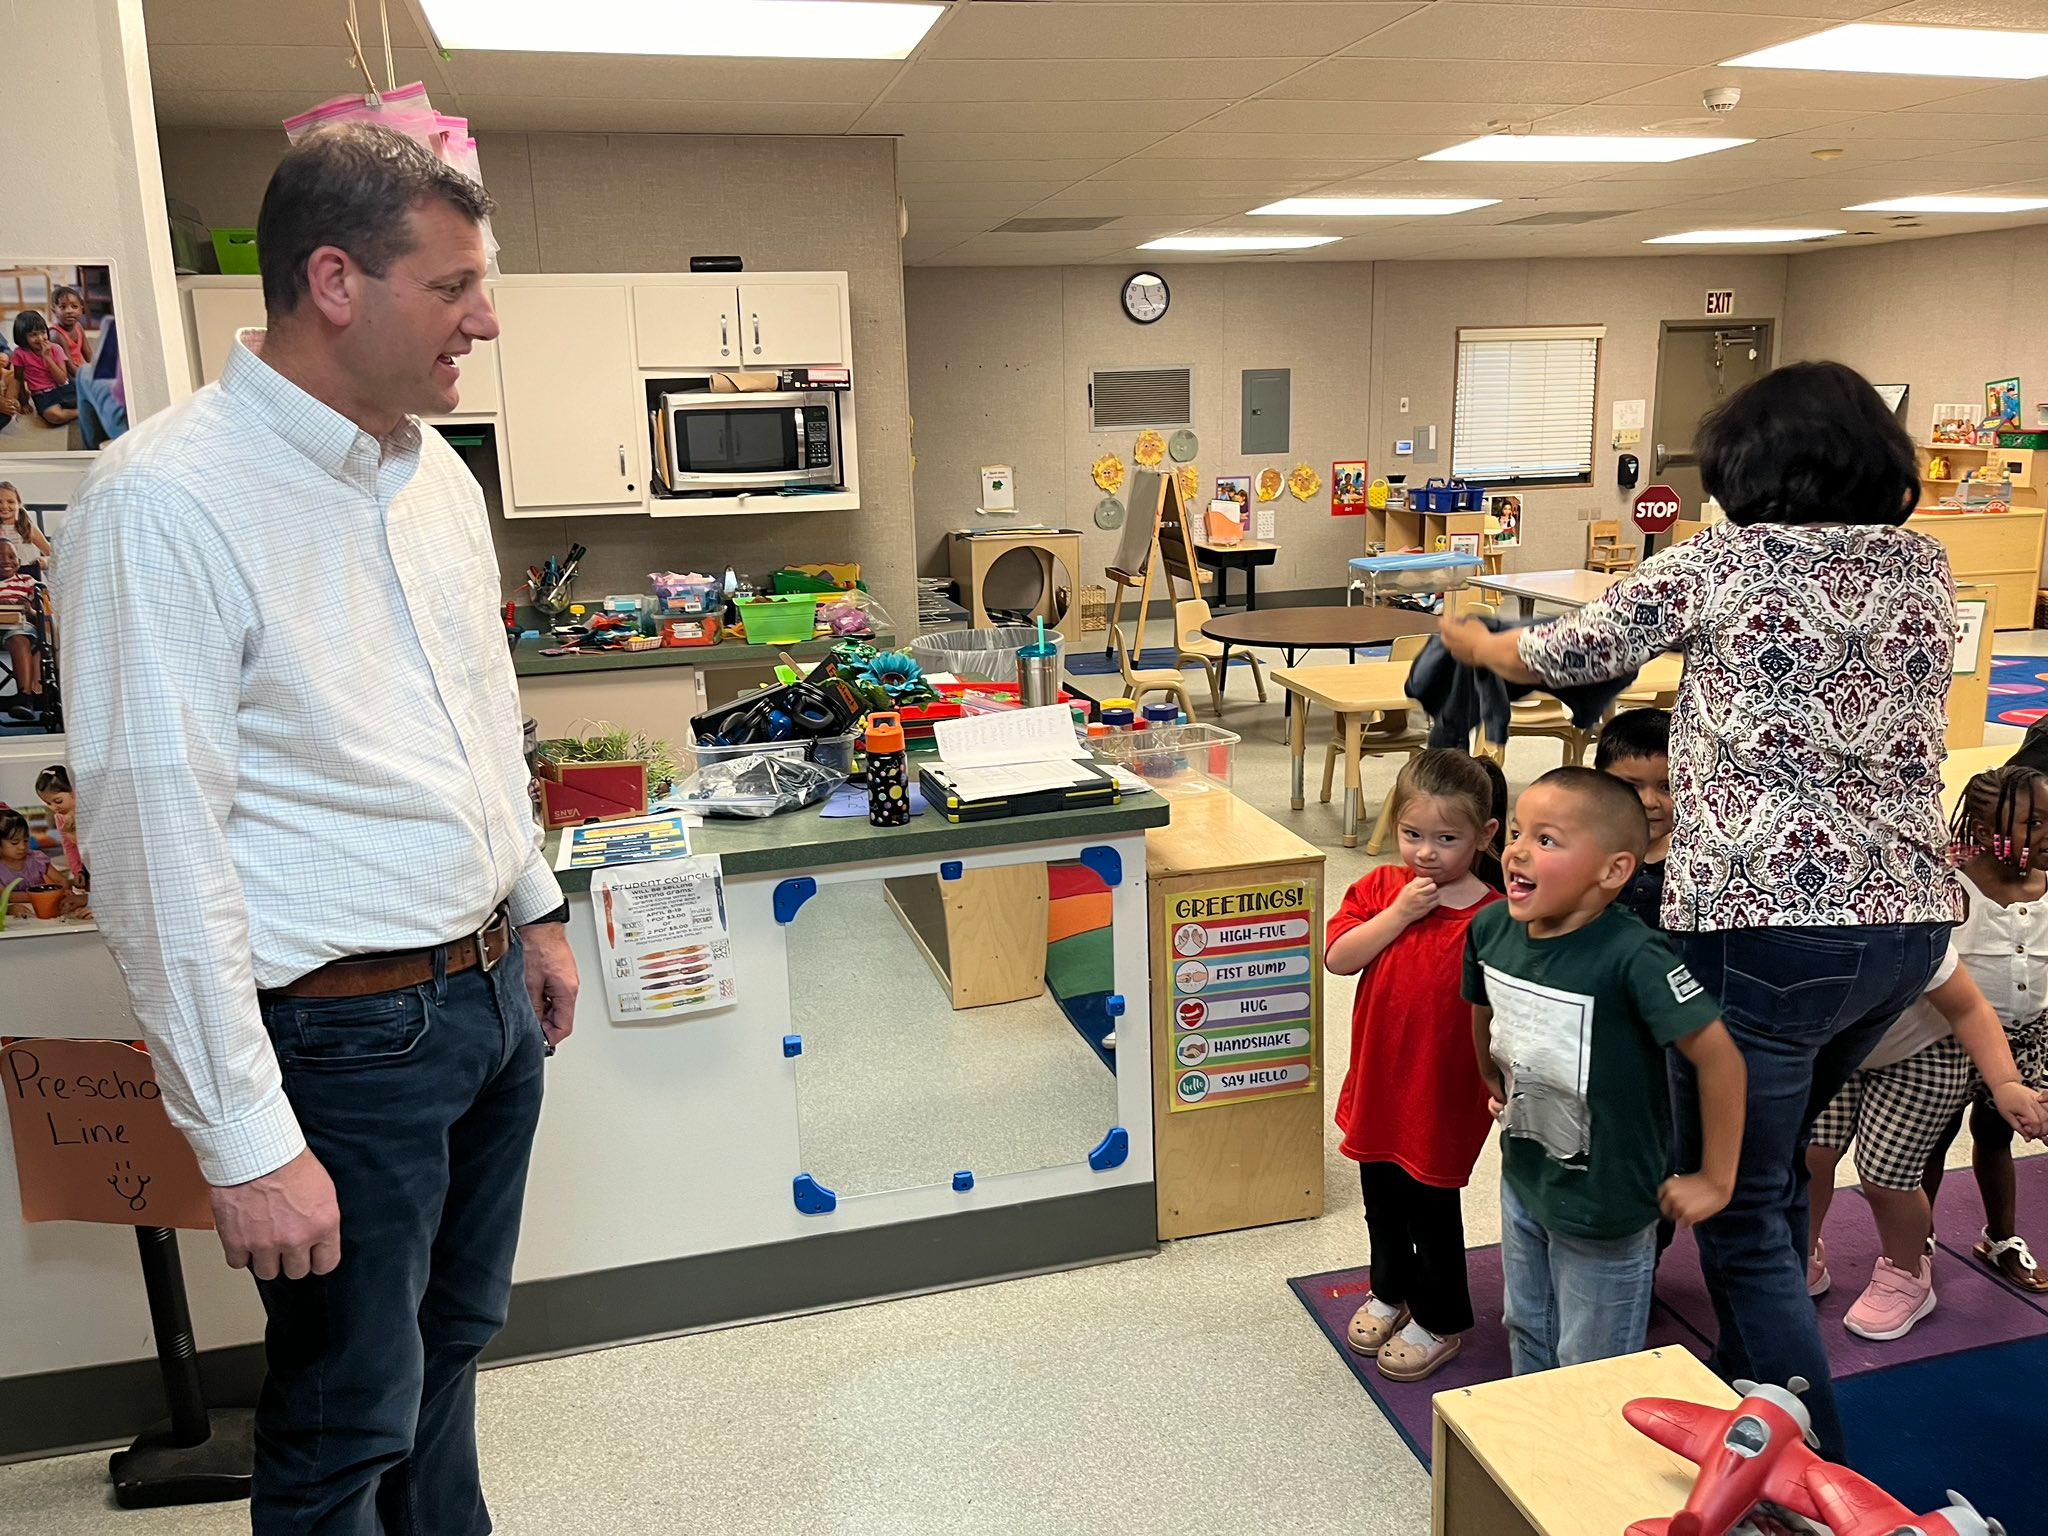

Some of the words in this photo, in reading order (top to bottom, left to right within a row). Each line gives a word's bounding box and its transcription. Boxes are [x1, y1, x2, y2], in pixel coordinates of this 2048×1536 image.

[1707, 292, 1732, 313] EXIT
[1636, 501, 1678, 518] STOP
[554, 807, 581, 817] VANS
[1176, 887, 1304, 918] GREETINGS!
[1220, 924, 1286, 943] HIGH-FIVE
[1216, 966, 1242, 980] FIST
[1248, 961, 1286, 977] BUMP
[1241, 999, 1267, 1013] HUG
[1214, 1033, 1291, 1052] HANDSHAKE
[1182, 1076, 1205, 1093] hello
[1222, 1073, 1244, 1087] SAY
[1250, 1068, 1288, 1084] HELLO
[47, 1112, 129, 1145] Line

####

-- What you need to do --
Reproduce the whole listing word for word, setting aside any pictures.

-- Answer section --
Some of the words in this photo, in reading order (top to bottom, left to right within a row). Each line gives a word's bounding box and its transcription. Boxes are [x1, y1, x2, y2], in pixel coordinates of this 2048×1536 image.

[1707, 292, 1732, 313] EXIT
[1636, 501, 1678, 518] STOP
[554, 807, 581, 817] VANS
[1176, 887, 1304, 918] GREETINGS!
[1220, 924, 1286, 943] HIGH-FIVE
[1216, 966, 1242, 980] FIST
[1248, 961, 1286, 977] BUMP
[1241, 999, 1267, 1013] HUG
[1214, 1033, 1291, 1052] HANDSHAKE
[1182, 1076, 1205, 1093] hello
[1222, 1073, 1244, 1087] SAY
[1250, 1068, 1288, 1084] HELLO
[47, 1112, 129, 1145] Line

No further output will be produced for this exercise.